TO DO: Nothing but the records, transcribed verbatim and stripped of images, should appear in the answer.

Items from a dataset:
---

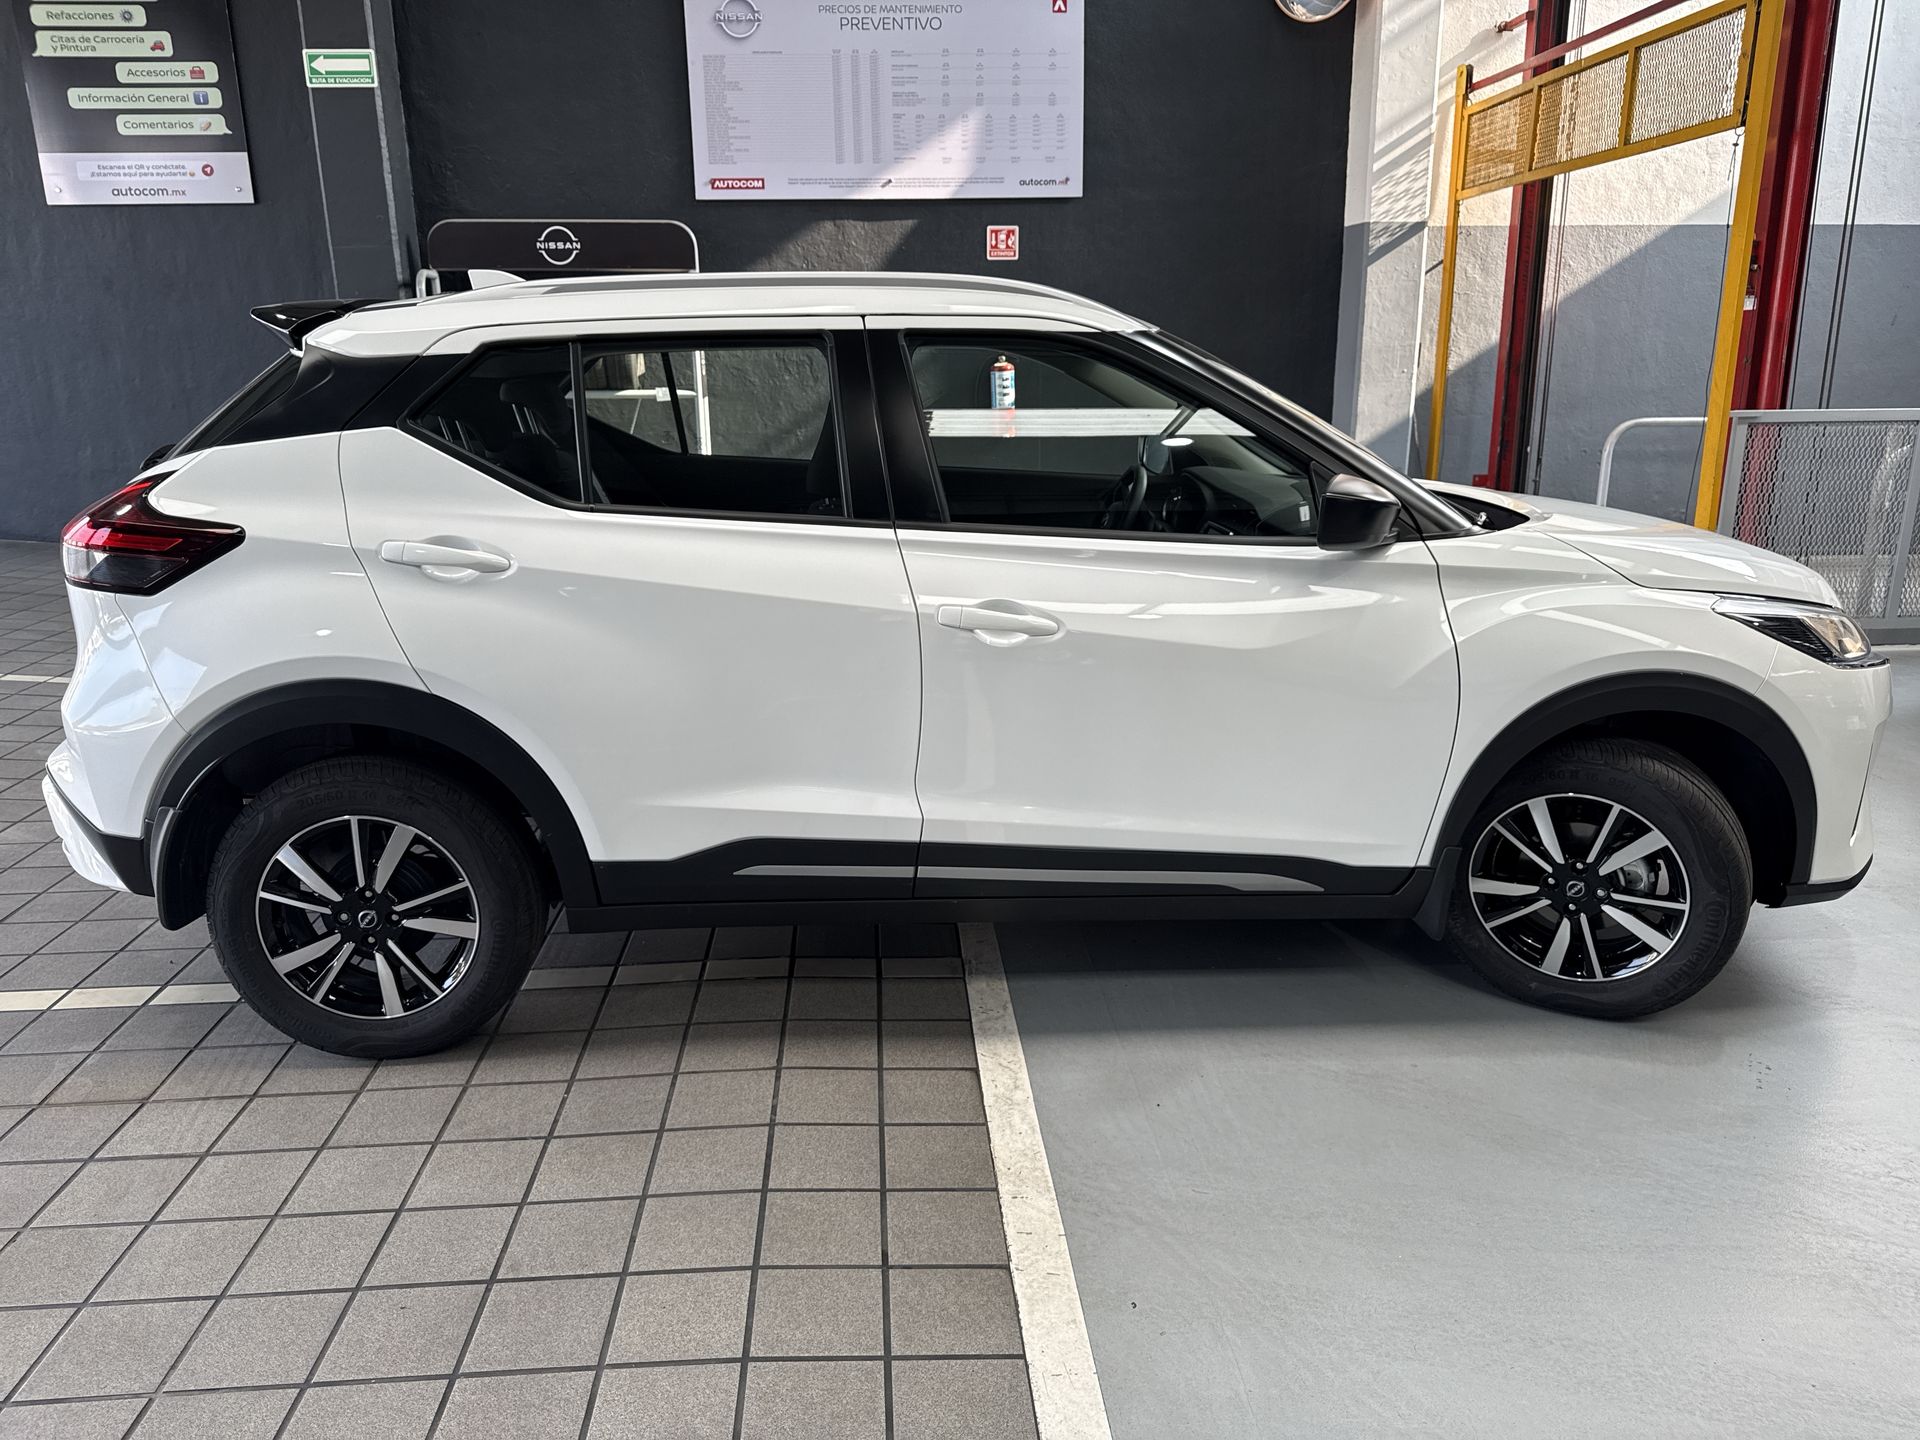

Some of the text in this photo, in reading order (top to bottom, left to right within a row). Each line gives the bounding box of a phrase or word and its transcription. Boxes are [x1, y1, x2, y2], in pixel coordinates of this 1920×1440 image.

[818, 4, 963, 14] PRECIOS DE MANTENIMIENTO
[45, 10, 114, 21] Refacciones
[715, 12, 763, 22] NISSAN
[839, 16, 943, 31] PREVENTIVO
[50, 35, 76, 44] Citas
[78, 35, 92, 44] de
[51, 43, 97, 53] y Pintura
[126, 67, 186, 77] Accesorios
[77, 93, 190, 103] Información General
[123, 120, 194, 129] Comentarios
[713, 179, 763, 189] AUTOCOM
[536, 241, 581, 250] NISSAN

---

WORKED SOLUTION:
Some of the text in this photo, in reading order (top to bottom, left to right within a row). Each line gives the bounding box of a phrase or word and its transcription. Boxes are [x1, y1, x2, y2], in pixel coordinates of this 1920×1440 image.

[818, 4, 963, 14] PRECIOS DE MANTENIMIENTO
[45, 10, 114, 21] Refacciones
[715, 12, 763, 22] NISSAN
[839, 16, 943, 31] PREVENTIVO
[50, 35, 76, 44] Citas
[78, 35, 92, 44] de
[51, 43, 97, 53] y Pintura
[126, 67, 186, 77] Accesorios
[77, 93, 190, 103] Información General
[123, 120, 194, 129] Comentarios
[713, 179, 763, 189] AUTOCOM
[536, 241, 581, 250] NISSAN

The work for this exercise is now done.